Madame la ministre, vous me répondrez que le budget de la justice a été augmenté de 24 %. Il faut pourtant rappeler que c’est l’administration pénitentiaire qui percevra, pour l’essentiel, les fruits de cette progression. Certes, il y a urgence, au vu de l’état déplorable des prisons françaises, mais n’est-il pas tout aussi urgent de permettre à la justice d’être plus efficace, non pas simplement pour condamner et pour sanctionner, mais aussi pour réinsérer et pour prévenir la récidive ?
Désengorger les prisons requiert évidemment – pardonnez-moi cette lapalissade – que l’on cesse d’adopter des lois qui entraînent la surpopulation.
Nous aurons l’occasion de constater une nouvelle fois, lors de l’examen des articles, que ce texte est truffé de mesures d’économie sur le rendu de la justice lui-même.
J’en citerai pour preuve l’effacement, à plusieurs reprises, des magistrats face à la police judiciaire, ou encore la centralisation du dispositif des injonctions de payer. Que dire de la mise à mal, la mise à mort des tribunaux d’instance ? Tout cela souligne cette volonté de réduire la justice pour économiser. La dématérialisation à tout va, liée au développement de la procédure de conciliation, s’inscrit bien entendu elle aussi, sous un couvert grossier de simplification ou d’efficacité, dans cette logique d’austérité.
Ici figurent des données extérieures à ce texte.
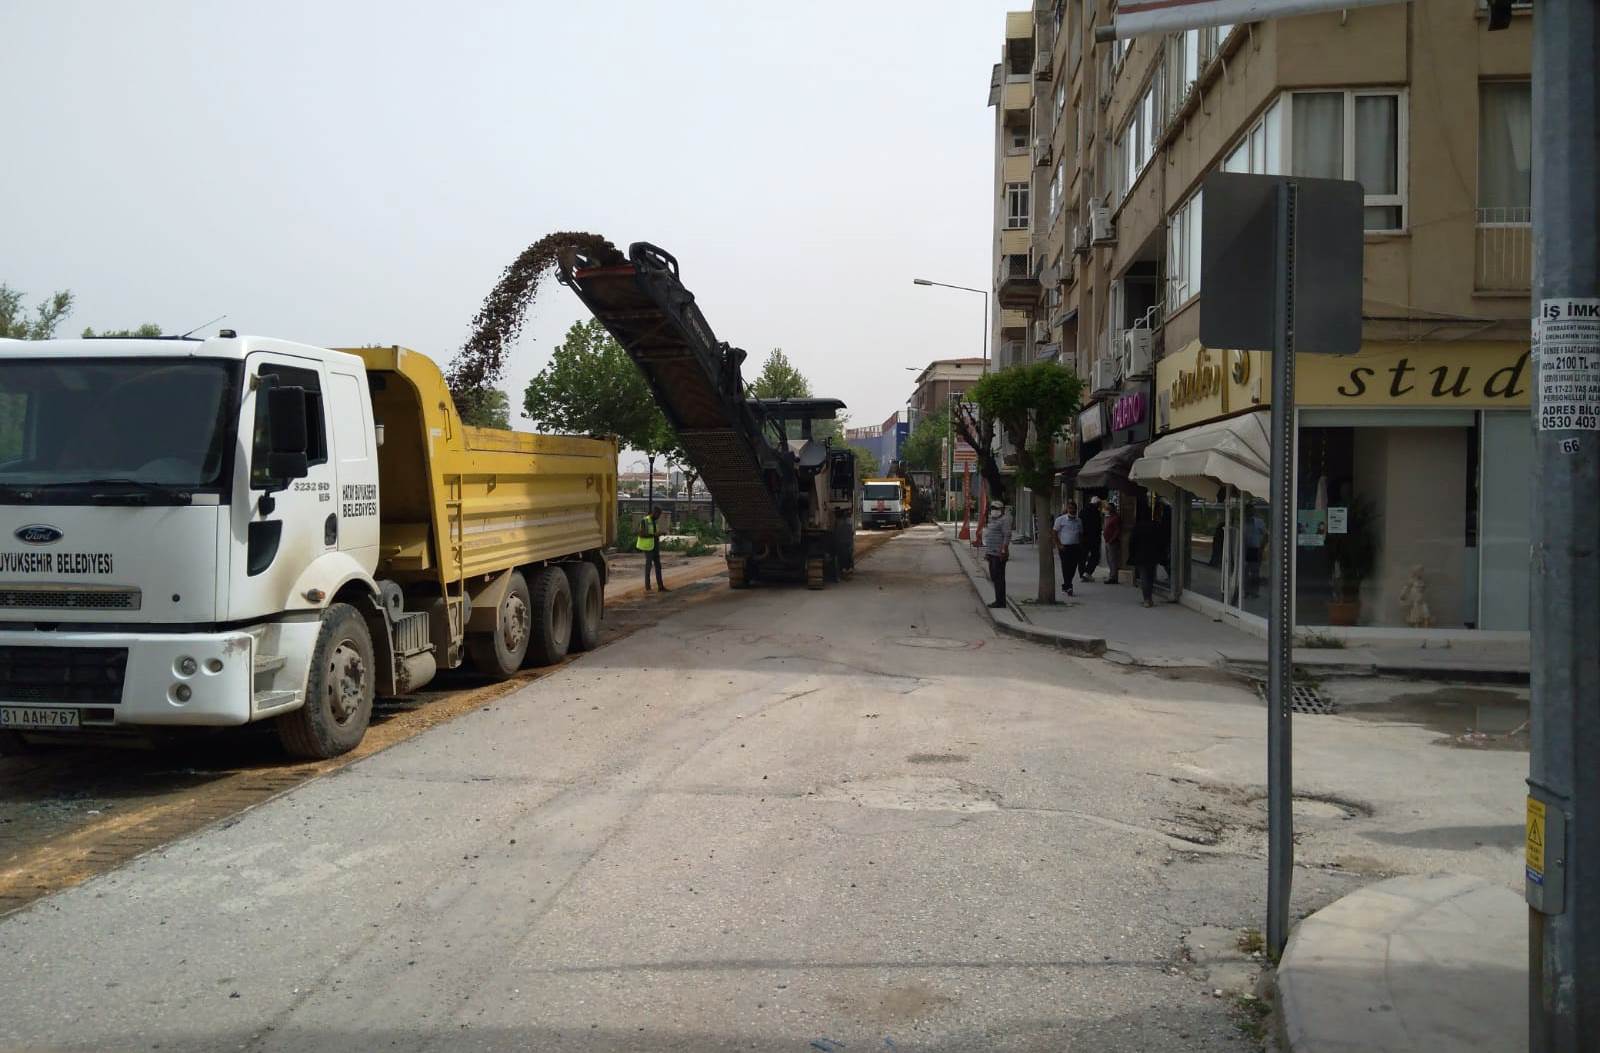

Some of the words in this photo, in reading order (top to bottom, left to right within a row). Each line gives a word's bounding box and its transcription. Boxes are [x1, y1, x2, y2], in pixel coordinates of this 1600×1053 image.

[1544, 303, 1560, 320] İŞ
[1556, 356, 1576, 369] 2100
[1579, 356, 1588, 369] TL
[1544, 385, 1552, 393] VE
[1543, 405, 1575, 415] ADRES
[1542, 416, 1571, 428] 0530
[1575, 416, 1596, 428] 403
[1563, 440, 1580, 453] 66
[294, 482, 316, 491] 3232
[25, 528, 52, 540] Ford
[3, 709, 16, 723] 31
[23, 710, 47, 724] AAH
[51, 711, 76, 725] 767
La justice est ainsi traitée comme les autres services publics : on privatise, on externalise, on dématérialise, avec pour principales victimes non seulement les principes et les libertés, mais aussi, et surtout, les usagers et les personnels concernés. Sans reprendre mes propos de première lecture, je ne peux pas dissimuler un doute sur l’attitude de la majorité de la commission des lois dans ce débat.
Bien entendu, comme nous l’avons souligné, l’intervention sénatoriale en matière civile est positive, en particulier dans le domaine de la conciliation et de la dématérialisation. Mais elle est marquée du sceau du « tout-répressif » et du « tout-sécuritaire » en matière pénale.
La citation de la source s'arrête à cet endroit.